Блокада. Книга 5 - Чаковский Александр Борисович. Страница 79
«Это расплата! Это возмездие! Наконец-то оно началось!» — кричала душа Валицкого.
Внезапно табло над дверью погасло.
Диктор умолк. Федор Васильевич понял, что микрофон теперь глух и нем.
— Что это значит? Почему? — воскликнул он, возмущенно показывая на погасшее табло.
Диктор вытер взмокший лоб рукавом ватника, устало сказал:
— Нас отключили.
— Кто?! — в ярости крикнул Валицкий. — В такой момент!.. Кто посмел?
— Штаб МПВО, — спокойно ответил диктор. — Очевидно, начался обстрел нашего района.
14
Южнее Ладожского озера, по ту сторону блокадного кольца, формировалась ударная группа войск Ленинградского фронта, точнее — его 54-й армии, предназначавшаяся для разгрома волховской группировки противника. Туда по ледовой трассе в первые же дни ее существования из Ленинграда были отправлены две стрелковые дивизии и полк лыжников. Переброска войск осуществлялась главным образом в пешем строю. Лишь незначительную часть бойцов и техники удалось разместить на полуторках, следовавших в Кобону за продовольствием. Попутный автотранспорт в основной своей массе использовался для эвакуации гражданского населения. По плану Государственного Комитета Обороны эвакуации подлежали рабочие уже переброшенных на восток заводов, научные работники, старики, неработающие женщины, школьники, студенты, ремесленники — всего 500 тысяч человек. Реализация такой массовой переброски сотен тысяч людей, равно как и организация снабжения города в связи с вводом в действие Ладожской трассы, требовали огромных усилий и четкого централизованного руководства, — пройдет немного времени, и в Ленинград в качестве уполномоченного ГКО направится заместитель Председателя Совнаркома СССР А. Н. Косыгин…
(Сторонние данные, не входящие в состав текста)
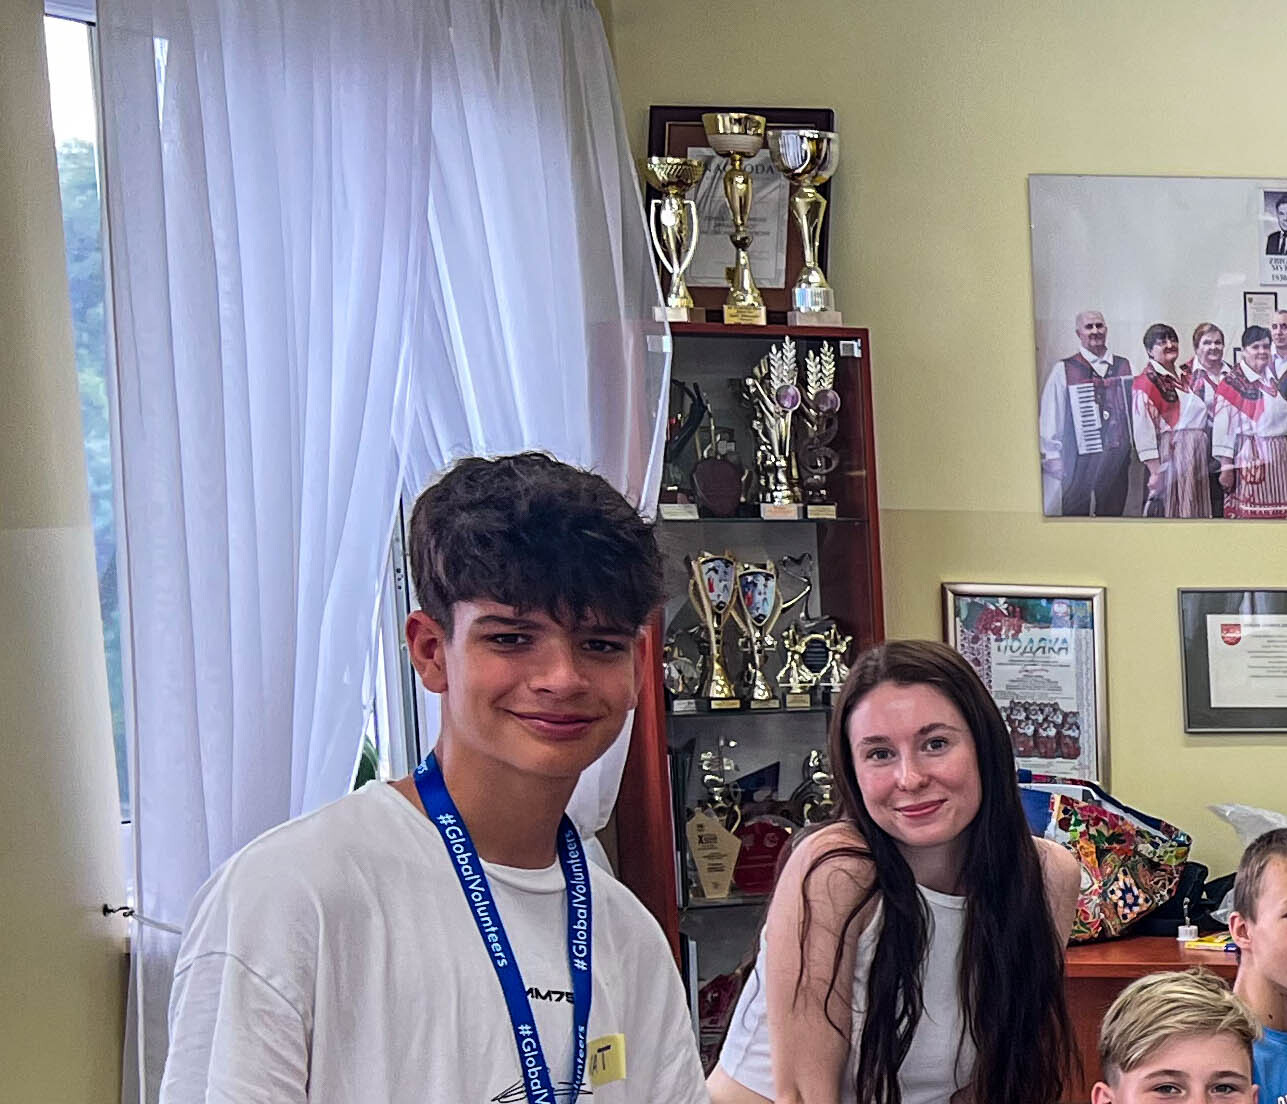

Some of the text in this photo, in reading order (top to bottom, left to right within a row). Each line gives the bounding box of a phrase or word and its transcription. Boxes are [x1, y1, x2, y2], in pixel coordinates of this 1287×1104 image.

[997, 636, 1069, 656] ПОДЯКА
[437, 813, 508, 968] #GlobalVolunteers
[564, 829, 588, 971] #GlobalVolunteers
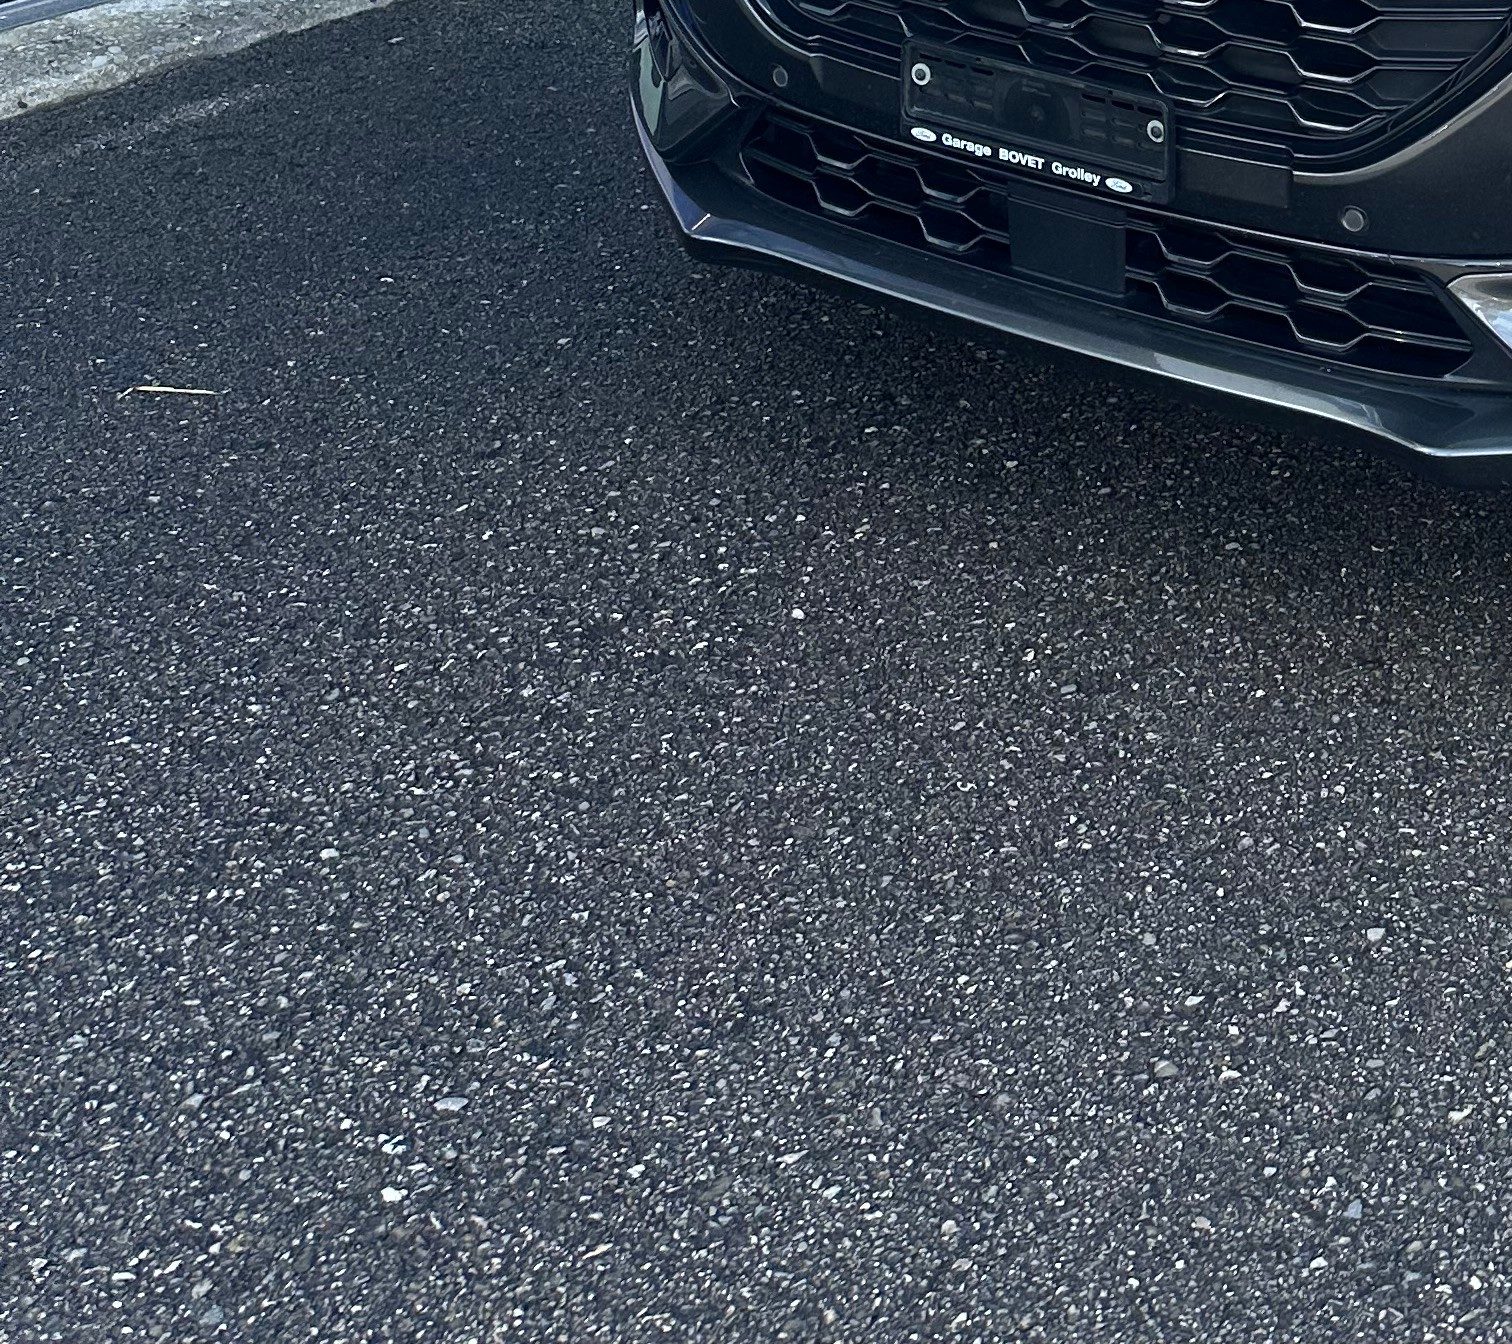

Своим ходом предстояло пересечь Ладогу некоторому количеству тяжелых танков. Это было сопряжено с большими трудностями: недостаточно окрепший лед вряд ли мог выдержать многотонную громадину — «КВ». Чтобы уменьшить вес танков, с них снимали башни и буксировали следом, на санях-волокушах.
Ледяная пустыня, по которой совсем недавно почти ощупью пробиралась экспедиция Соколова, была еще не вполне обжита, но уже и не пустынна. Из-за снежных брустверов выглядывали зенитные орудия. За торосами притаились палатки обогревательных пунктов. По накатанной грузовиками и санными обозами колее передвигались тысячи людей.
Бойцы, пересекавшие Ладогу в пешем строю, шли довольно медленно: голод подкосил силы не только у гражданского населения, он коснулся и армии. Лишь завидя встречные машины с мешками, прикрытыми брезентом, все заметно оживлялись. «Хлеб везут, хлеб!..» — радовались бойцы.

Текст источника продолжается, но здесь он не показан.